- DESCRIPTION OF THE TASK -
Reproduce the records below in full and word for word, excluding pictures.

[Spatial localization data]

═══

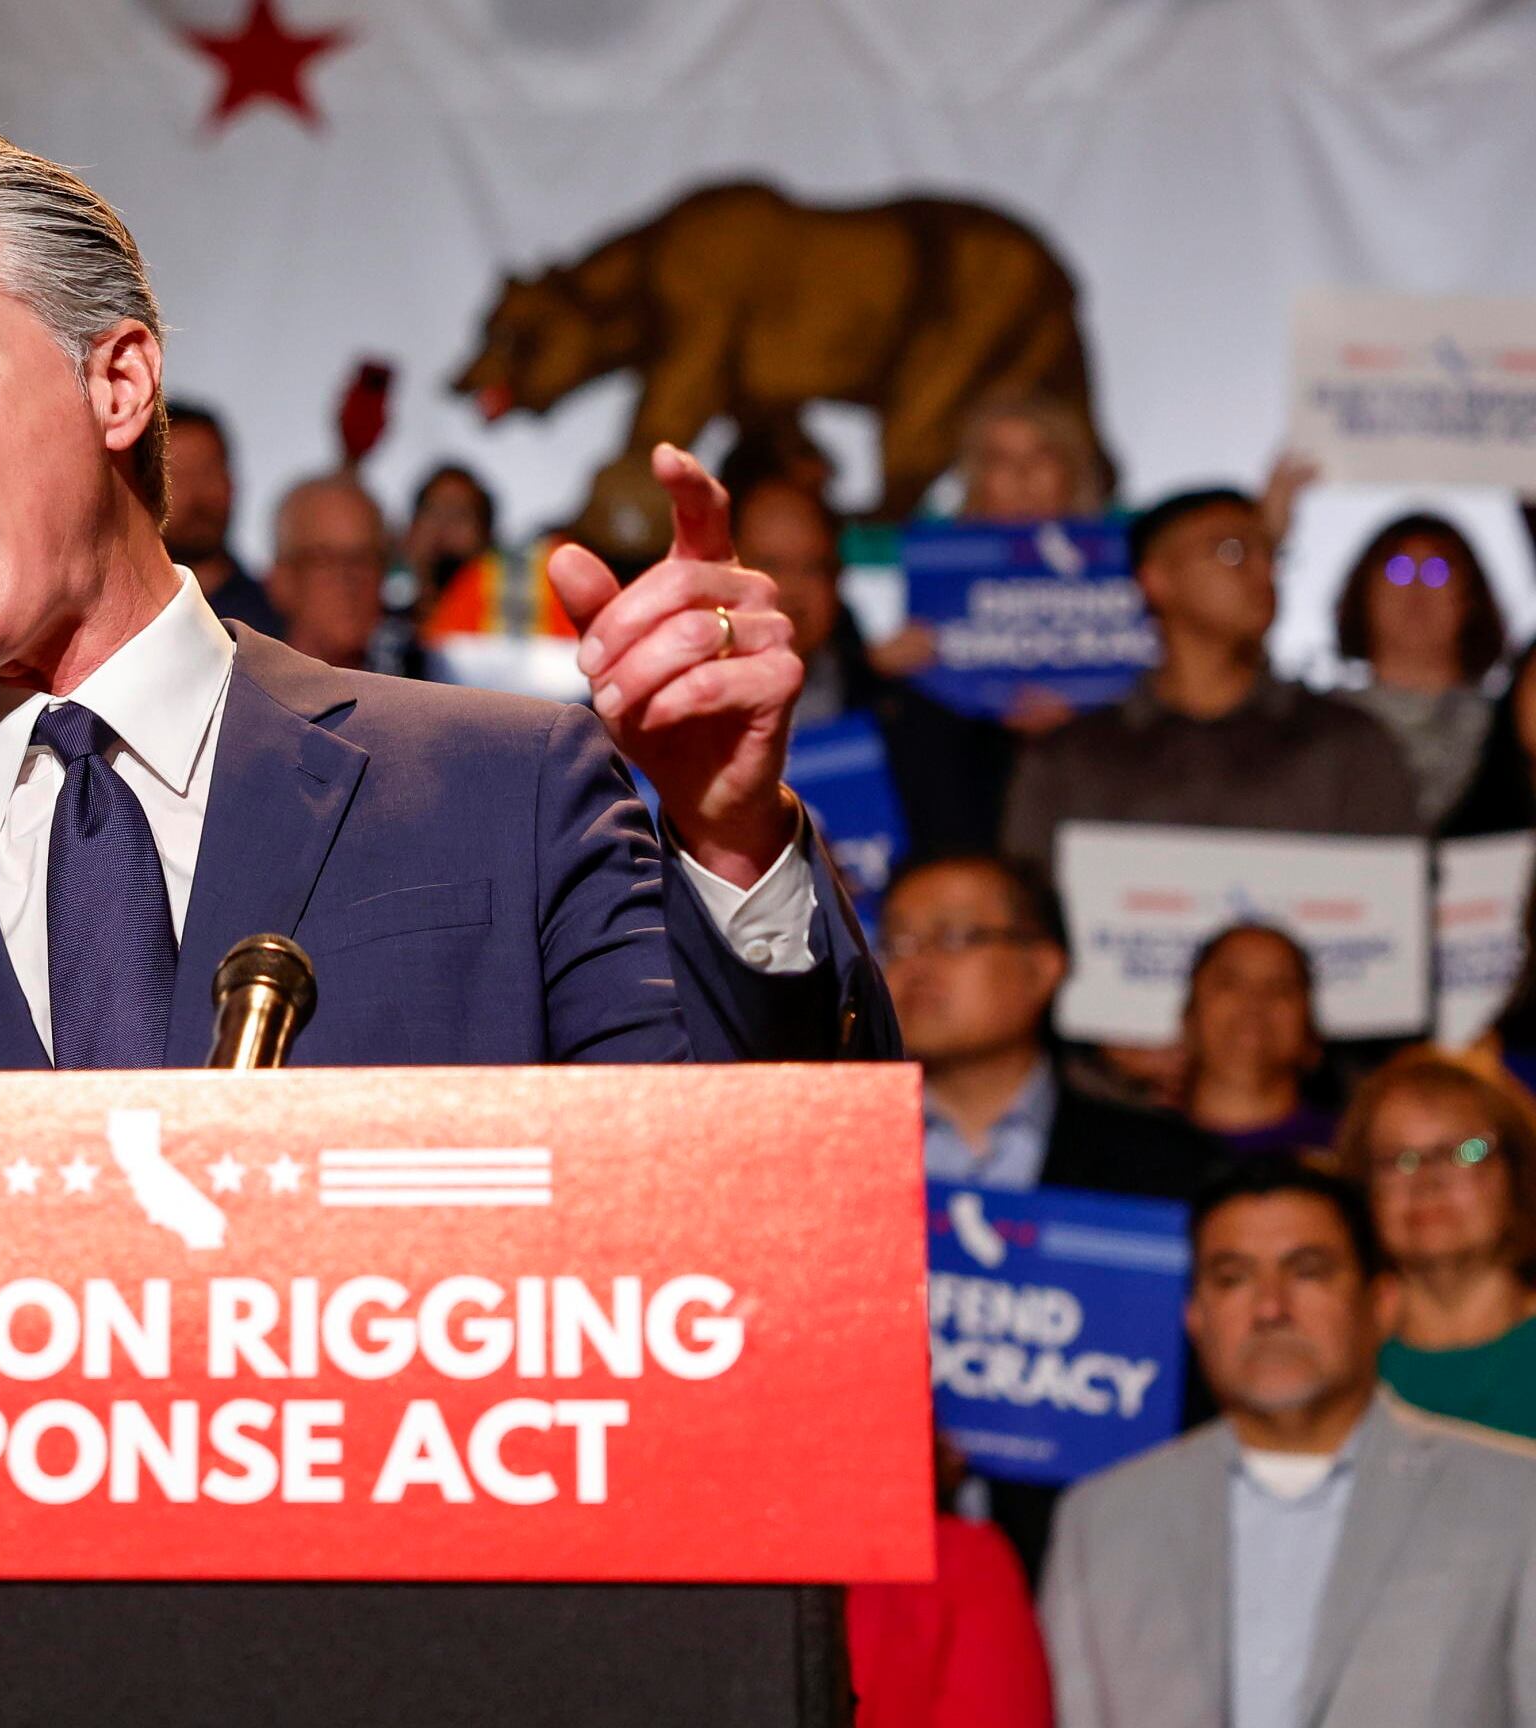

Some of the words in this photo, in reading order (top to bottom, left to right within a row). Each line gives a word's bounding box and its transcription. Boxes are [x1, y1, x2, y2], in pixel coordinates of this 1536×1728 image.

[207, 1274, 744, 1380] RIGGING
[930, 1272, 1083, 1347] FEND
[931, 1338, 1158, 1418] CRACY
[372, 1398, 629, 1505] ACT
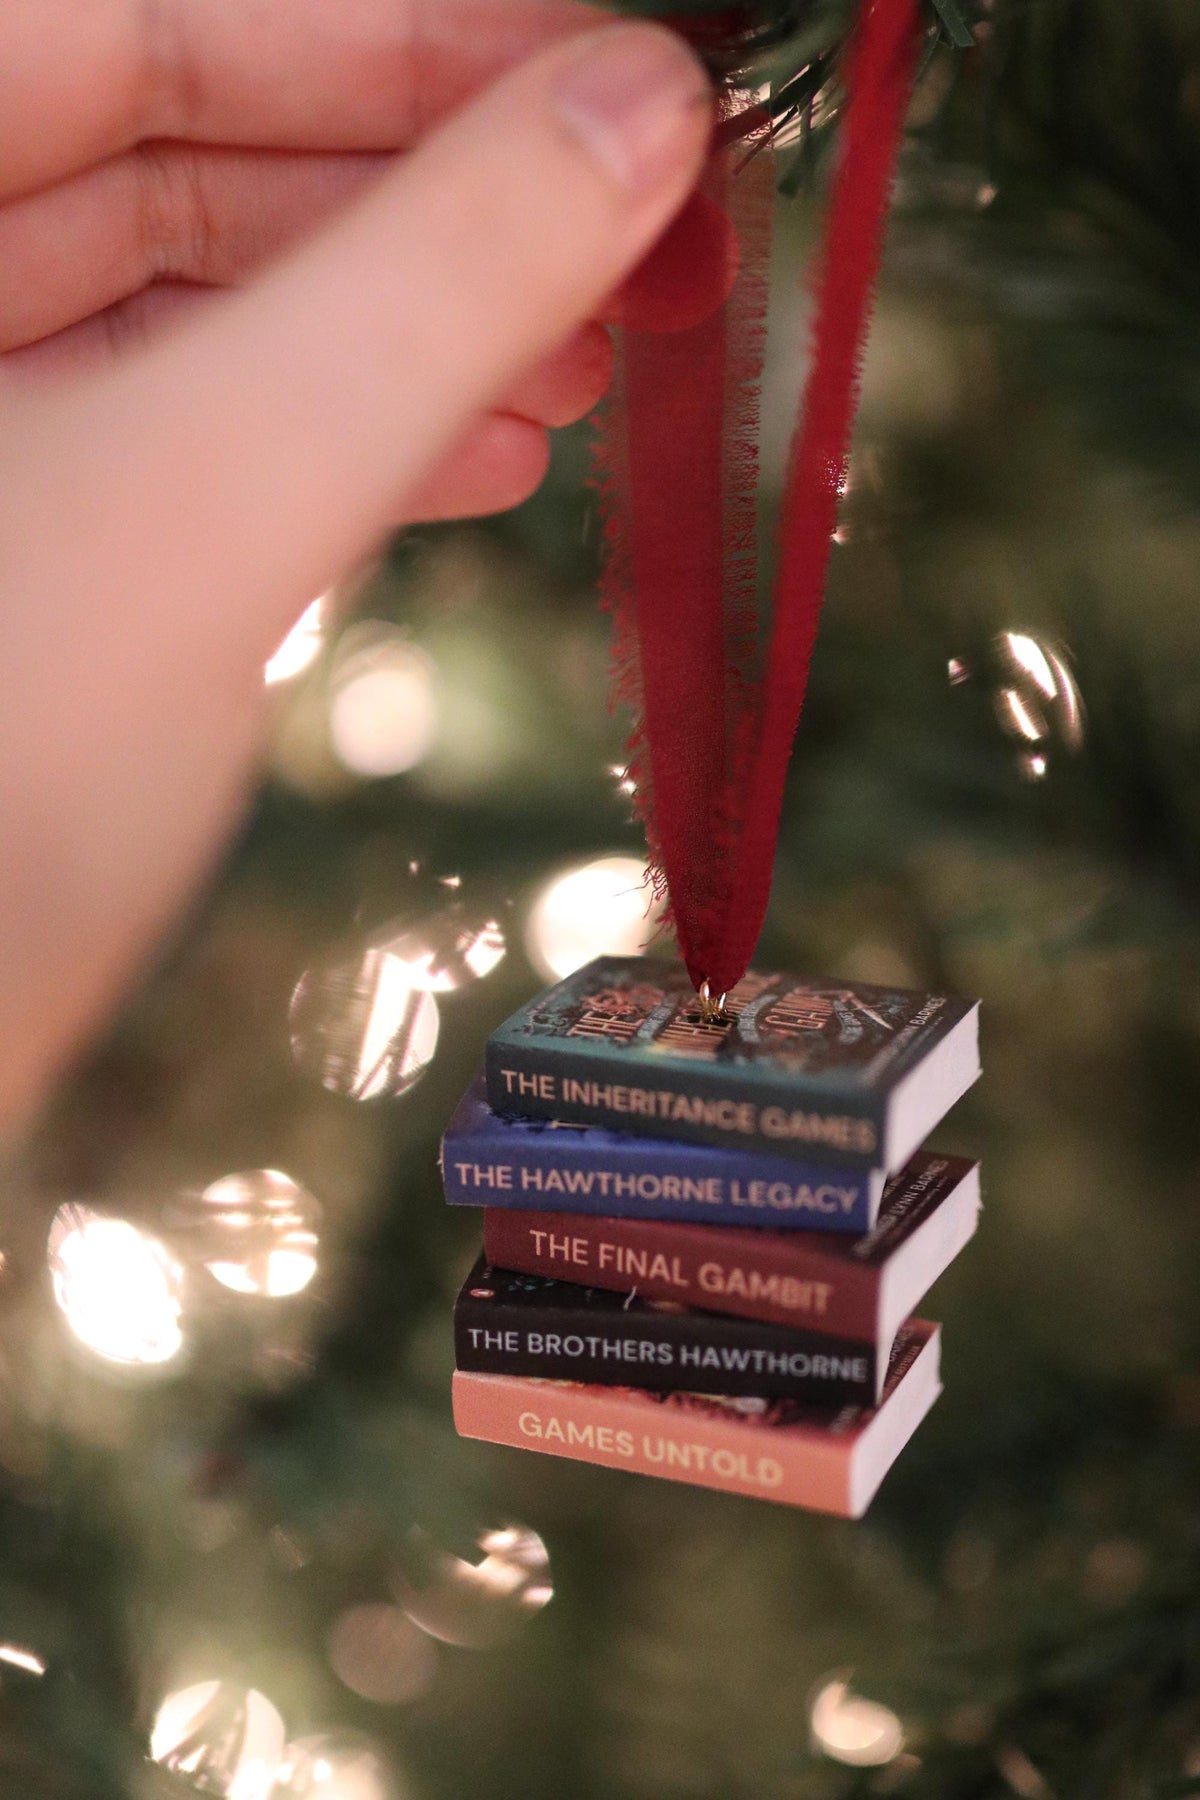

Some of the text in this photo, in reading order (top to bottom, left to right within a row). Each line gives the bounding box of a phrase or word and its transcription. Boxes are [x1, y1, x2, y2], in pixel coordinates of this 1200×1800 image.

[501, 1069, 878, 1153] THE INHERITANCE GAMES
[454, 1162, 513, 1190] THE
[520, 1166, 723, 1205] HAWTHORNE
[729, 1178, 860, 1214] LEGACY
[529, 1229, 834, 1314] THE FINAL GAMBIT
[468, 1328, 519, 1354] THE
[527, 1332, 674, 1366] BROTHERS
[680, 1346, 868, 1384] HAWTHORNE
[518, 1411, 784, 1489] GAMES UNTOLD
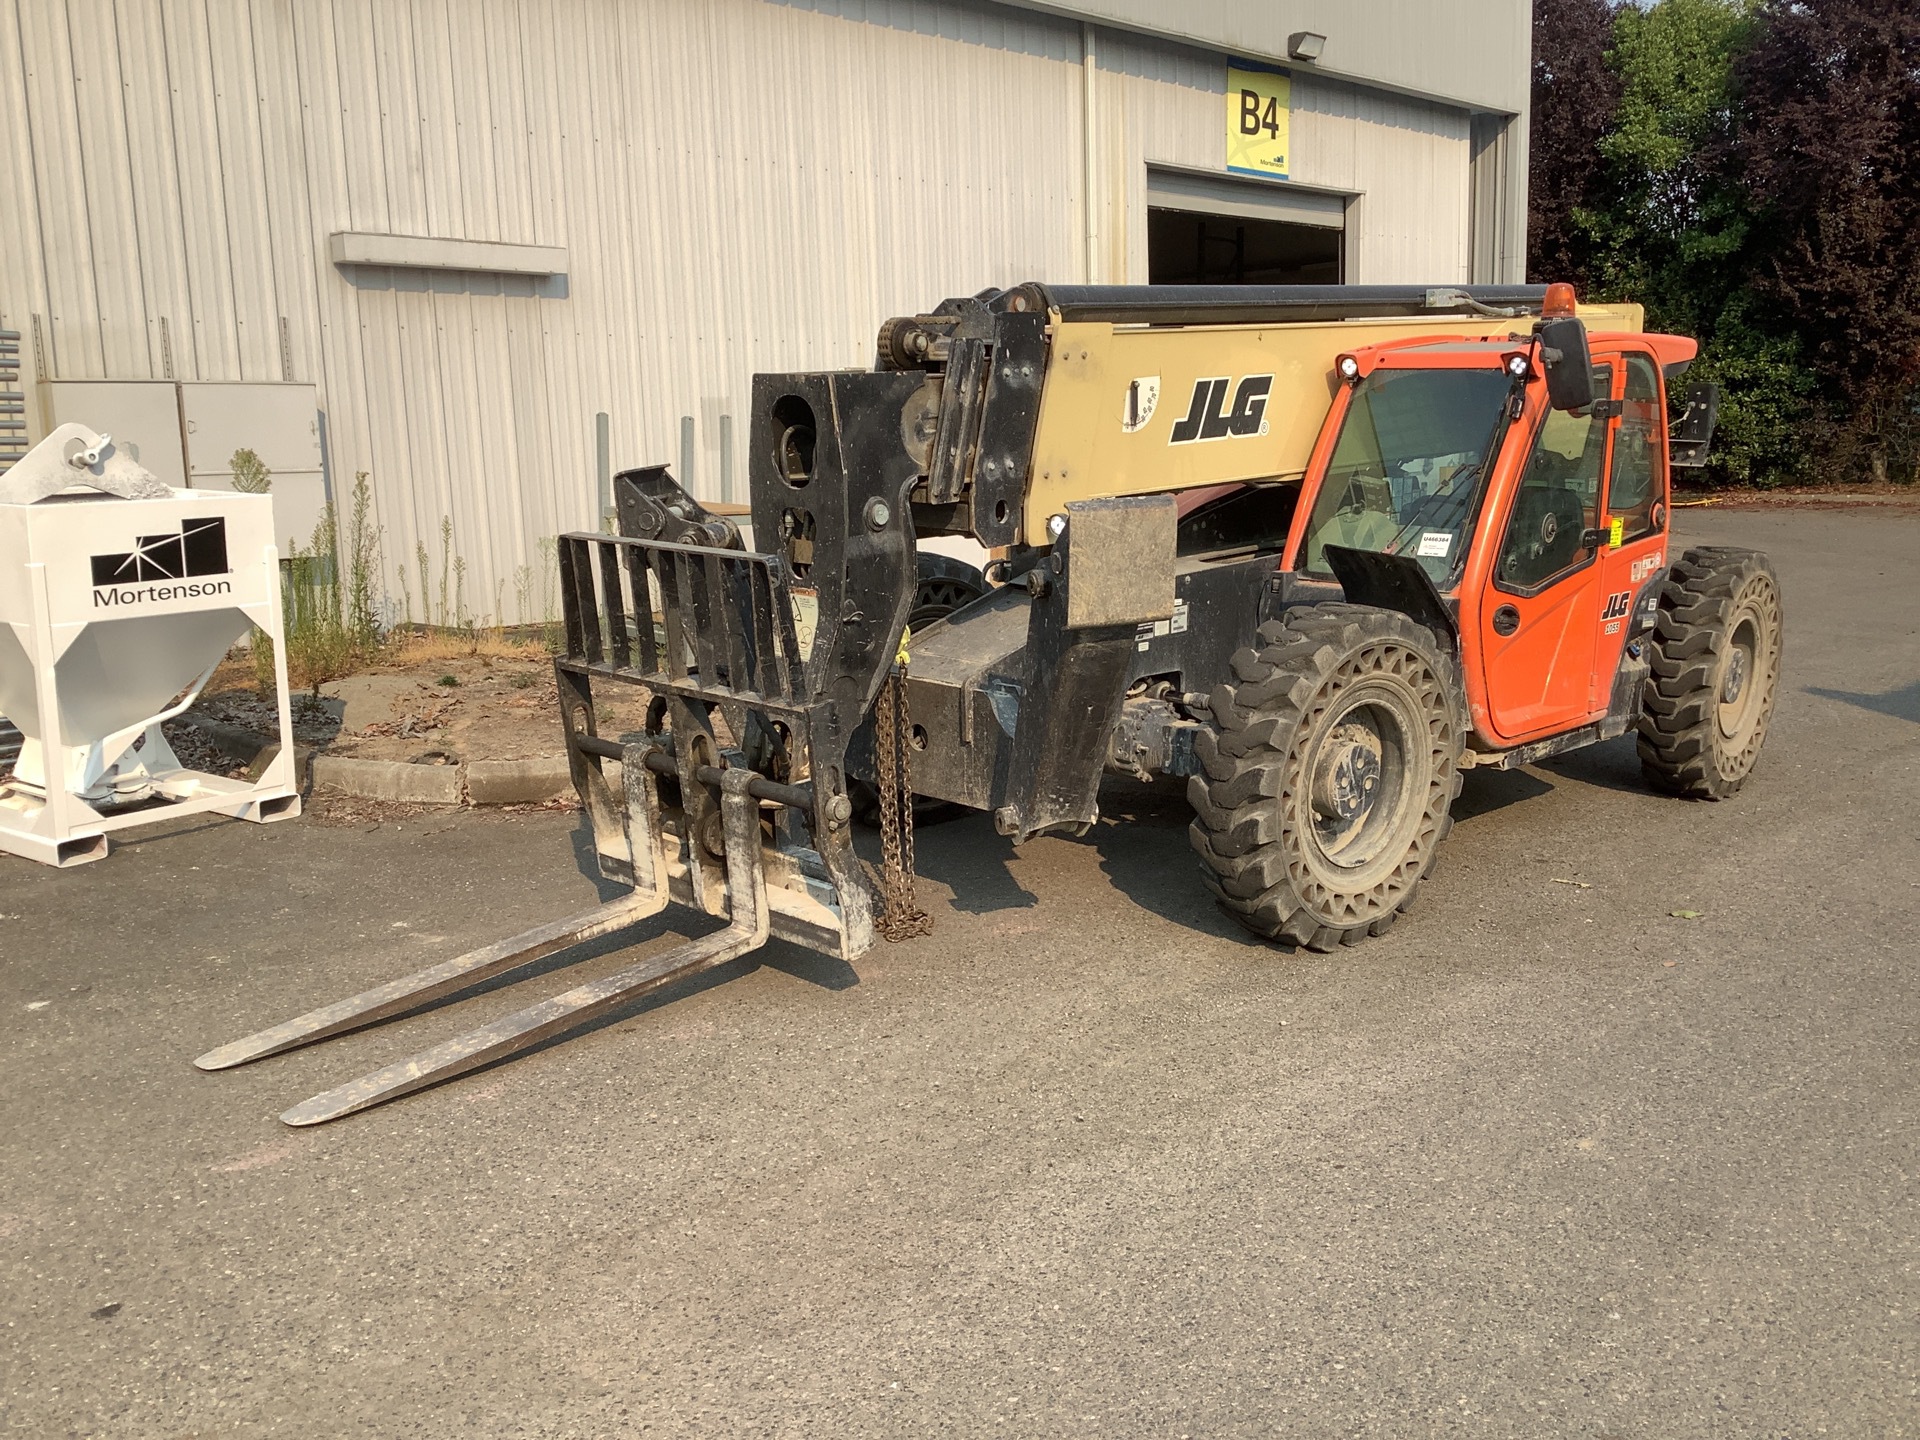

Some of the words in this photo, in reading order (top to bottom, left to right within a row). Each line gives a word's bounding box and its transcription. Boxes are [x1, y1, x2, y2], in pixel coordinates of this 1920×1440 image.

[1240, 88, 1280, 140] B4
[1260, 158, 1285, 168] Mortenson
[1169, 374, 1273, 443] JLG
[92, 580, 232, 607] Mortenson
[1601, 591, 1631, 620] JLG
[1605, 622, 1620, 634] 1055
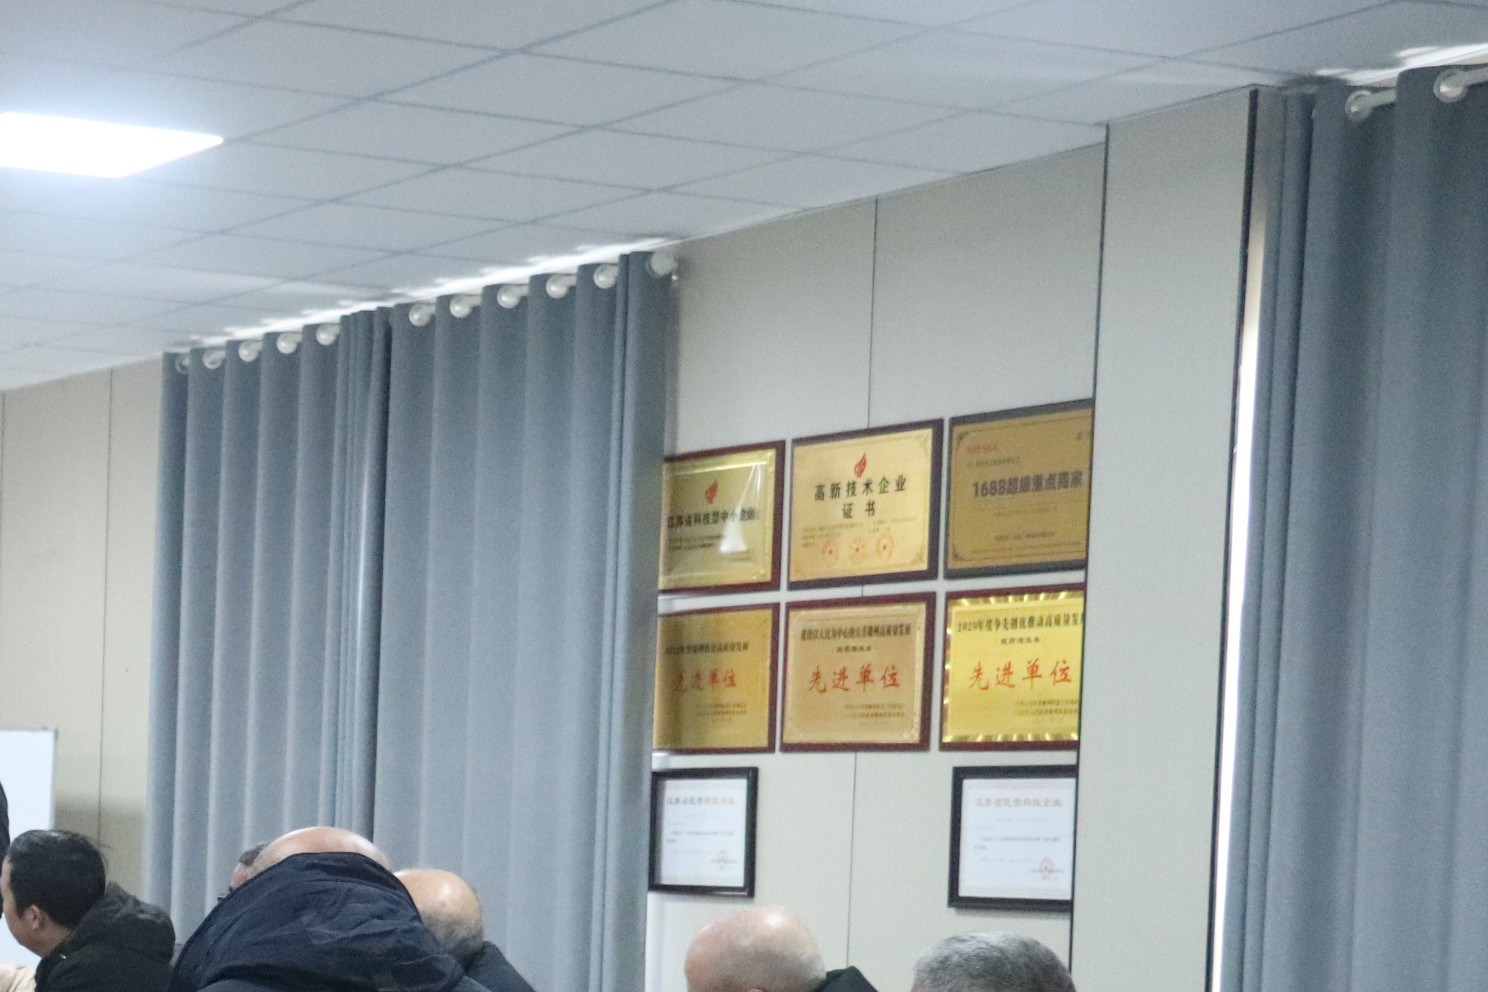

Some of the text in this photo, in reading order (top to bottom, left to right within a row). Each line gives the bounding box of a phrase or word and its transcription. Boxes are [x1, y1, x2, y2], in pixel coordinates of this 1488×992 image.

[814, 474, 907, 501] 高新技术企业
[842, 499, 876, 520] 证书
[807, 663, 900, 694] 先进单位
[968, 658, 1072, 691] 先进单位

═══

- WRITTEN SOLUTION -
Some of the words in this photo, in reading order (top to bottom, left to right within a row). Each line gives a word's bounding box and its transcription. Boxes are [x1, y1, x2, y2], in pixel coordinates of this 1536×1728 image.

[207, 1274, 744, 1380] RIGGING
[930, 1272, 1083, 1347] FEND
[931, 1338, 1158, 1418] CRACY
[372, 1398, 629, 1505] ACT

Some of the text in this photo, in reading order (top to bottom, left to right within a row). Each line gives the bounding box of a phrase or word and its transcription. Boxes are [x1, y1, x2, y2], in pixel coordinates of this 1200×1800 image.

[501, 1069, 878, 1153] THE INHERITANCE GAMES
[454, 1162, 513, 1190] THE
[520, 1166, 723, 1205] HAWTHORNE
[729, 1178, 860, 1214] LEGACY
[529, 1229, 834, 1314] THE FINAL GAMBIT
[468, 1328, 519, 1354] THE
[527, 1332, 674, 1366] BROTHERS
[680, 1346, 868, 1384] HAWTHORNE
[518, 1411, 784, 1489] GAMES UNTOLD

Some of the words in this photo, in reading order (top to bottom, left to right within a row). Each line gives a word's bounding box and its transcription. Boxes are [x1, y1, x2, y2], in pixel coordinates of this 1920×1440 image.

[1240, 88, 1280, 140] B4
[1260, 158, 1285, 168] Mortenson
[1169, 374, 1273, 443] JLG
[92, 580, 232, 607] Mortenson
[1601, 591, 1631, 620] JLG
[1605, 622, 1620, 634] 1055

Some of the text in this photo, in reading order (top to bottom, left to right within a row). Each line gives the bounding box of a phrase or word and its transcription. Boxes are [x1, y1, x2, y2], in pixel coordinates of this 1488×992 image.

[814, 474, 907, 501] 高新技术企业
[842, 499, 876, 520] 证书
[807, 663, 900, 694] 先进单位
[968, 658, 1072, 691] 先进单位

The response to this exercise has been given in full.